• [Task directions] The records below must be written out exactly, with every picture left behind.

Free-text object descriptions
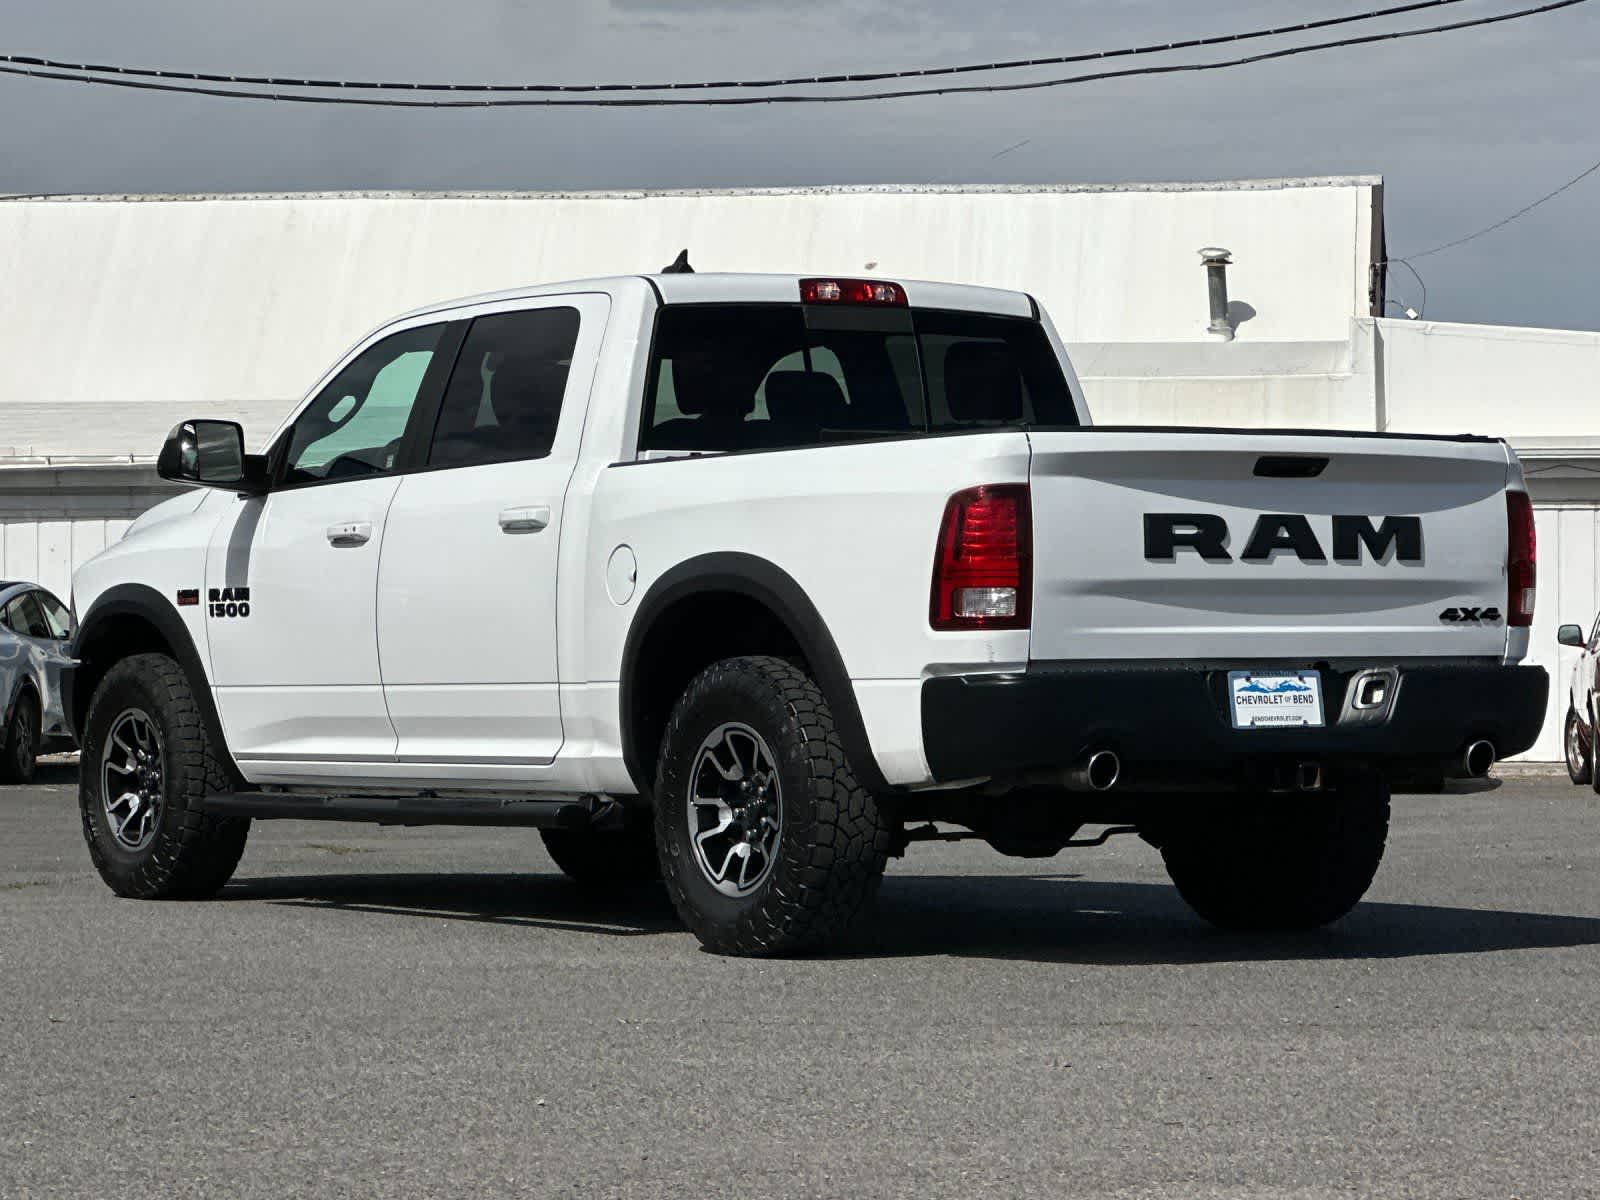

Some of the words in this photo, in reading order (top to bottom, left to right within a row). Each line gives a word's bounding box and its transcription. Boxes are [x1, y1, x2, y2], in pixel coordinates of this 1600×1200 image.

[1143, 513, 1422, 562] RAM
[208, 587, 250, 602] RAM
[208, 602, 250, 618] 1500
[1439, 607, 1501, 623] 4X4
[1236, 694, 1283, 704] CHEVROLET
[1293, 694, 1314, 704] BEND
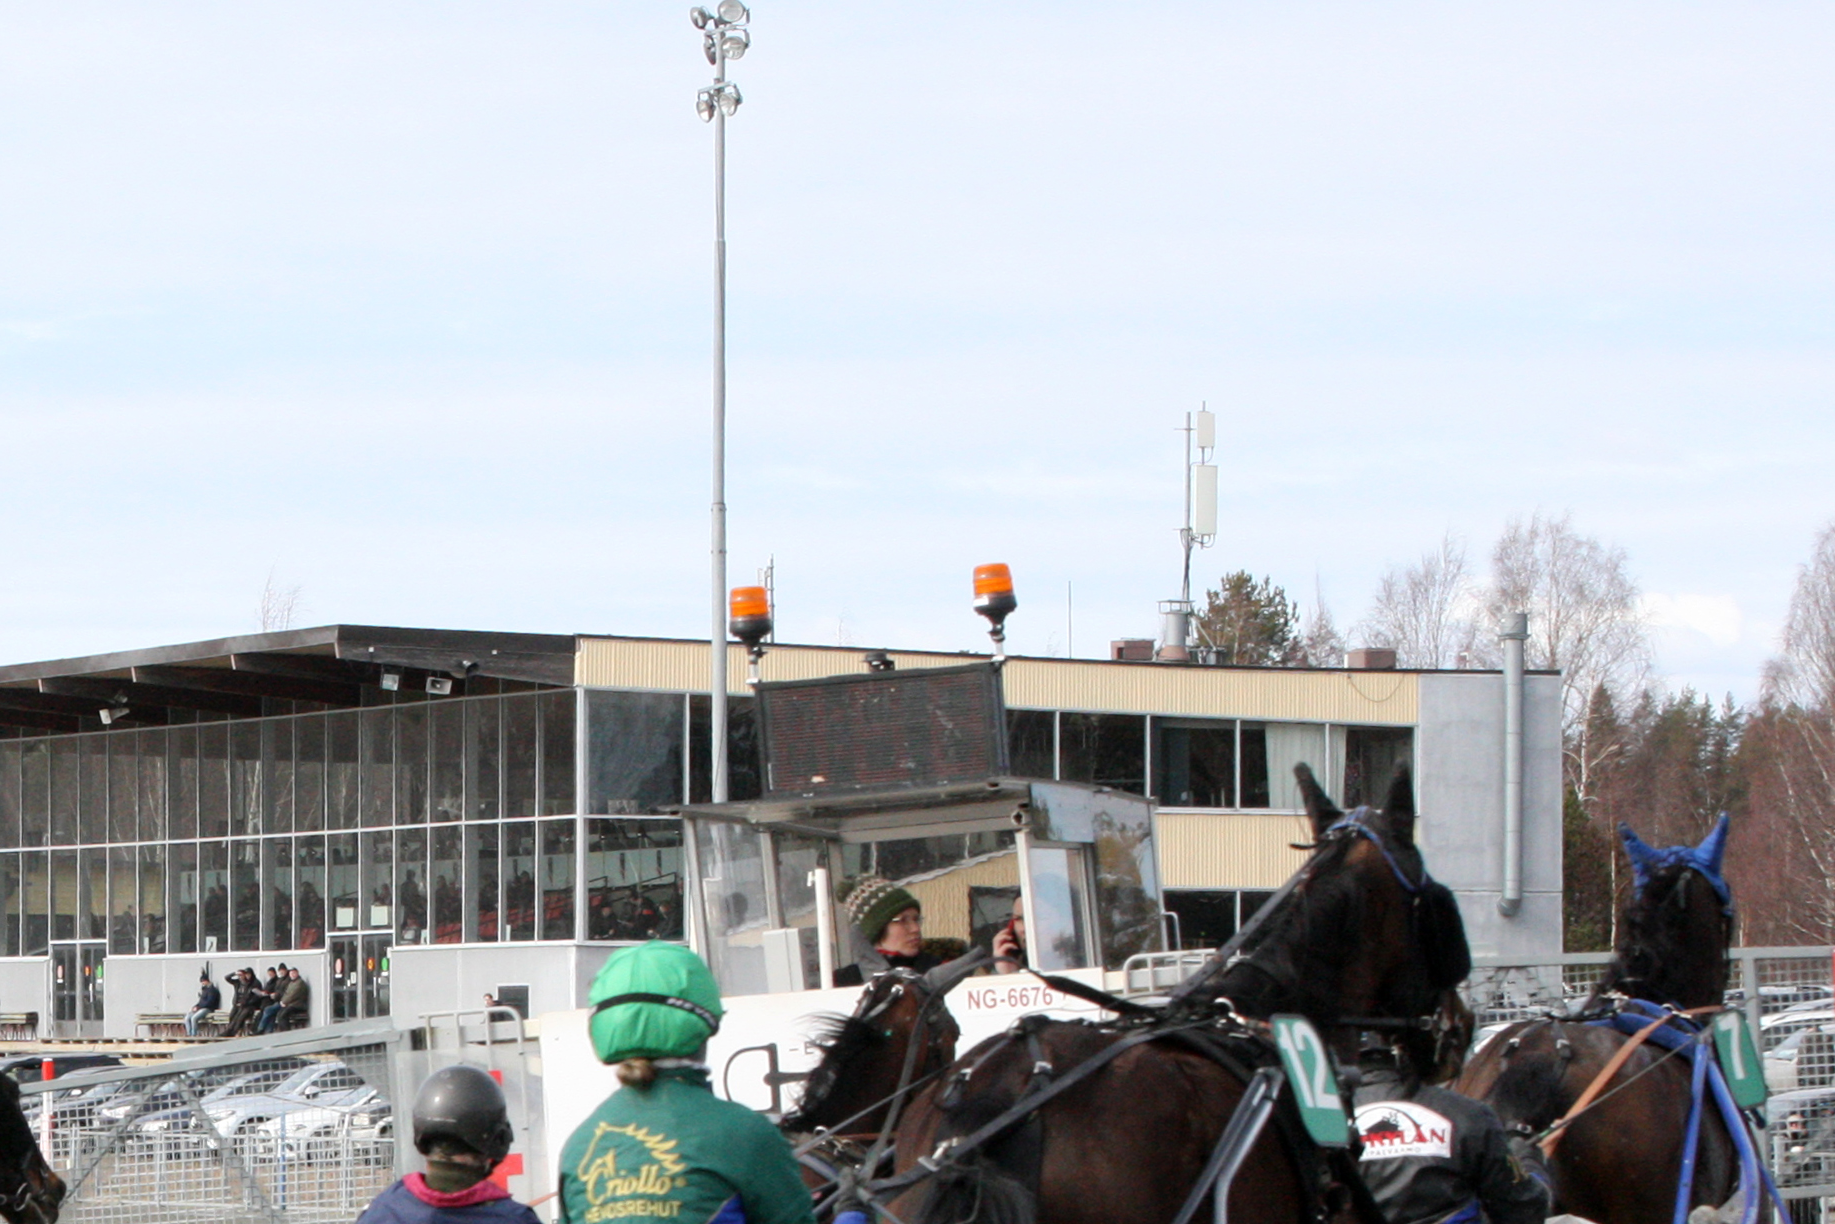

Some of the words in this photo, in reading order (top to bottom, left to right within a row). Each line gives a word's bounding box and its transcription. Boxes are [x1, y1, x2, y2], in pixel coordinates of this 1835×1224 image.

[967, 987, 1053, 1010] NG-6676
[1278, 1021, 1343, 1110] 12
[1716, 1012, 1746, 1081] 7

• [Answer]
Some of the words in this photo, in reading order (top to bottom, left to right within a row). Each line gives a word's bounding box and its transcription. Boxes are [x1, y1, x2, y2], in pixel coordinates of this 1600×1200 image.

[1143, 513, 1422, 562] RAM
[208, 587, 250, 602] RAM
[208, 602, 250, 618] 1500
[1439, 607, 1501, 623] 4X4
[1236, 694, 1283, 704] CHEVROLET
[1293, 694, 1314, 704] BEND

Some of the words in this photo, in reading order (top to bottom, left to right within a row). Each line gives a word's bounding box and its transcription. Boxes are [x1, y1, x2, y2], in pixel coordinates of this 1835×1224 image.

[967, 987, 1053, 1010] NG-6676
[1278, 1021, 1343, 1110] 12
[1716, 1012, 1746, 1081] 7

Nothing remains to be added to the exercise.